What is needed: At the line containing "this 1500×1129 image.", begin retyping, and stop after the last line of the data; add nothing.

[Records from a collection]
________
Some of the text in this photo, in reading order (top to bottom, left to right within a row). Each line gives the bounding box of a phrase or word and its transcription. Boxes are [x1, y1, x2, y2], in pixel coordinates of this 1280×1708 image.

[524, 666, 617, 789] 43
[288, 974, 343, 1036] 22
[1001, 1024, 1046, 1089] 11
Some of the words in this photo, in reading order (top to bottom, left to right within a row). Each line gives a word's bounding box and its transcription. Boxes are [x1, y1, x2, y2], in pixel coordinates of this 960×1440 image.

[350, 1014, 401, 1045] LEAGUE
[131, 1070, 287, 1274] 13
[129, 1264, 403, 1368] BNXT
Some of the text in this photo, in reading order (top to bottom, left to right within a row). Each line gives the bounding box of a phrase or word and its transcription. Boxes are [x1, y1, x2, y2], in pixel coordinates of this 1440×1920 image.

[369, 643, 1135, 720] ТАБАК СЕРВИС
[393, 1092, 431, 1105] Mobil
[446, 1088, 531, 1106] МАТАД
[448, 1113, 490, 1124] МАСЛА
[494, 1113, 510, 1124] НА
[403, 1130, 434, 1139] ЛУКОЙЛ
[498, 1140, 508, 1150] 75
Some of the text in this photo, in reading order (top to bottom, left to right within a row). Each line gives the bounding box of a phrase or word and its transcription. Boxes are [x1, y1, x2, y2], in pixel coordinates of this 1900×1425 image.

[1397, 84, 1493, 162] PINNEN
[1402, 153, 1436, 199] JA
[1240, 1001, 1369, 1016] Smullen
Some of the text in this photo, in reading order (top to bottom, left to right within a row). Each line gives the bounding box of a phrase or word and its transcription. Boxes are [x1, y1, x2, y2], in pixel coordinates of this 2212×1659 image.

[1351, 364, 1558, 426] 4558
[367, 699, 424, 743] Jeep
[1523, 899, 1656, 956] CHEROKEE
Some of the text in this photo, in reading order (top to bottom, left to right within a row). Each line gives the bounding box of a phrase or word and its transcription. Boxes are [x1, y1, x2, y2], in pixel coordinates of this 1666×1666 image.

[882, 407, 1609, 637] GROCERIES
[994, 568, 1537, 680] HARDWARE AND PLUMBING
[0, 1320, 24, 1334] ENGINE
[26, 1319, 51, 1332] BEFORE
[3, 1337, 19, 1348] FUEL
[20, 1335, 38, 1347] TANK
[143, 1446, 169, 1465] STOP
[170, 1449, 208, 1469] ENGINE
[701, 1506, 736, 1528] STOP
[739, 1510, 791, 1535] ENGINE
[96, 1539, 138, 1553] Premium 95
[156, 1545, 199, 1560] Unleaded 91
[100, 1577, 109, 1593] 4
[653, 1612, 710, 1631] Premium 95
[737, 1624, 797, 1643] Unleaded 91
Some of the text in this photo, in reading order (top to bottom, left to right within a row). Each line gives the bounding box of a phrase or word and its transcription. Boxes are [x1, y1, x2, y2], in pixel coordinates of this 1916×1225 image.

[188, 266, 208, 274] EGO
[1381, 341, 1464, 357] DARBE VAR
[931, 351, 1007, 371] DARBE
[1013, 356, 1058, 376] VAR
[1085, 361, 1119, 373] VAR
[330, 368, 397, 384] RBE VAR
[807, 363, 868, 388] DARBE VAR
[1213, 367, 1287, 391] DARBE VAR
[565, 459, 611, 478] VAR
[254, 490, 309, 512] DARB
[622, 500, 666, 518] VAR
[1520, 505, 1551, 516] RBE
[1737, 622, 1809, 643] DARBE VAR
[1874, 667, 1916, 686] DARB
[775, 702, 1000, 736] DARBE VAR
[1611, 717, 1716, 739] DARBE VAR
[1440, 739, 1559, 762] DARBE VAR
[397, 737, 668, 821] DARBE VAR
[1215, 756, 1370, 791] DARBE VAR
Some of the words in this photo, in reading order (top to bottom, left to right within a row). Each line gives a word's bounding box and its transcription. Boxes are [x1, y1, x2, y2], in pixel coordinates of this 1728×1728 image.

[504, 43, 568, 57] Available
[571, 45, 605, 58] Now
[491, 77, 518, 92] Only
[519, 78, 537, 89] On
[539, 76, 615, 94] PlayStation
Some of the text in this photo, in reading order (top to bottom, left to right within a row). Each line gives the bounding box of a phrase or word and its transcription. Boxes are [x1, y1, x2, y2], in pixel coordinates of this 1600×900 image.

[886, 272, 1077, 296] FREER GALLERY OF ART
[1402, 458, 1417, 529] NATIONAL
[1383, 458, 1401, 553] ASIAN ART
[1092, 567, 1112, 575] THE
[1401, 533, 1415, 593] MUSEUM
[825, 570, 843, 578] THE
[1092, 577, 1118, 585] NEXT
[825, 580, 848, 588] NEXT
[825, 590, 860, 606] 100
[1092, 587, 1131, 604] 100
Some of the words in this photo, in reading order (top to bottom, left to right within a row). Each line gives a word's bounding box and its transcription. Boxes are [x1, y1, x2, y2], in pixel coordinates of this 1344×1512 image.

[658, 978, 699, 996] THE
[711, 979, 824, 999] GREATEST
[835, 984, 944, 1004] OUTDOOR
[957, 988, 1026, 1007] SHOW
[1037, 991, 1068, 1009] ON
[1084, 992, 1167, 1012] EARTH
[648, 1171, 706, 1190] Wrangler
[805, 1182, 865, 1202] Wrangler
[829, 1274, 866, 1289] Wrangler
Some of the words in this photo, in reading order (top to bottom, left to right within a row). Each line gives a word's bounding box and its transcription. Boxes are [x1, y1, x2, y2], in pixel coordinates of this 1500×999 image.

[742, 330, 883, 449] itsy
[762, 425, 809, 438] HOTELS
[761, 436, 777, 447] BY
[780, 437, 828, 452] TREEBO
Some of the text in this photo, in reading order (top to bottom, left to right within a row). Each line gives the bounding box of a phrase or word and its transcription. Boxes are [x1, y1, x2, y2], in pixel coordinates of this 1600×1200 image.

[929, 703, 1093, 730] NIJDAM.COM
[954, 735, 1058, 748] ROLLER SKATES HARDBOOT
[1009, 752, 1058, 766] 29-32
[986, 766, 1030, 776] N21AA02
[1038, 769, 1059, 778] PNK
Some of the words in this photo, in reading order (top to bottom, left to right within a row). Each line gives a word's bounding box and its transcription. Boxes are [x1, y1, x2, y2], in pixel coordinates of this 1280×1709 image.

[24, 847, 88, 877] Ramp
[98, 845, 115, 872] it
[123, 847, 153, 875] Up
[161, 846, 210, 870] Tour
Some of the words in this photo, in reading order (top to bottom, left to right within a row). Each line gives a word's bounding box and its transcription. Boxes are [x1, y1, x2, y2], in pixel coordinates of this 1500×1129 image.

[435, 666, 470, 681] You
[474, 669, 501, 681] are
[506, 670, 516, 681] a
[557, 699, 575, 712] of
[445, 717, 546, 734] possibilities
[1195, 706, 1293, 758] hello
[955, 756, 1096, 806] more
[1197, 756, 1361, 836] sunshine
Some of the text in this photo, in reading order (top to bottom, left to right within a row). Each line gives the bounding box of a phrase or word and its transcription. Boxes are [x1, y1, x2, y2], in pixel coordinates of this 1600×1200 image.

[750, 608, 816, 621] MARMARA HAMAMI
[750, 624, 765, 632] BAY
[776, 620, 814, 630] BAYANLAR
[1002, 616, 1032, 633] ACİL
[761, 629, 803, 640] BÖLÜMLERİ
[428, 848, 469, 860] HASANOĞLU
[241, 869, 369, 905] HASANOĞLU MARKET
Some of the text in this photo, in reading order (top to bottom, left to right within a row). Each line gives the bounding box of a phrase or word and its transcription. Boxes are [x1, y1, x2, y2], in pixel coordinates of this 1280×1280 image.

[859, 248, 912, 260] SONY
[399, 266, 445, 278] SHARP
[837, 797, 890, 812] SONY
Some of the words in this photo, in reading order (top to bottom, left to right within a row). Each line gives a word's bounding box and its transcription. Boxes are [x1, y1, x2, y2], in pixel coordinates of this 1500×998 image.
________
Answer to this exercise:
Some of the words in this photo, in reading order (top to bottom, left to right within a row). Each line gives a word's bounding box and its transcription. Boxes are [x1, y1, x2, y2], in pixel coordinates of this 1500×1129 image.

[435, 666, 470, 681] You
[474, 669, 501, 681] are
[506, 670, 516, 681] a
[557, 699, 575, 712] of
[445, 717, 546, 734] possibilities
[1195, 706, 1293, 758] hello
[955, 756, 1096, 806] more
[1197, 756, 1361, 836] sunshine
Some of the text in this photo, in reading order (top to bottom, left to right within a row). Each line gives the bounding box of a phrase or word and its transcription. Boxes are [x1, y1, x2, y2], in pixel coordinates of this 1600×1200 image.

[750, 608, 816, 621] MARMARA HAMAMI
[750, 624, 765, 632] BAY
[776, 620, 814, 630] BAYANLAR
[1002, 616, 1032, 633] ACİL
[761, 629, 803, 640] BÖLÜMLERİ
[428, 848, 469, 860] HASANOĞLU
[241, 869, 369, 905] HASANOĞLU MARKET
Some of the text in this photo, in reading order (top to bottom, left to right within a row). Each line gives the bounding box of a phrase or word and its transcription. Boxes are [x1, y1, x2, y2], in pixel coordinates of this 1280×1280 image.

[859, 248, 912, 260] SONY
[399, 266, 445, 278] SHARP
[837, 797, 890, 812] SONY
Some of the words in this photo, in reading order (top to bottom, left to right within a row). Each line gives a word's bounding box and its transcription. Boxes are [x1, y1, x2, y2], in pixel coordinates of this 1500×998 image.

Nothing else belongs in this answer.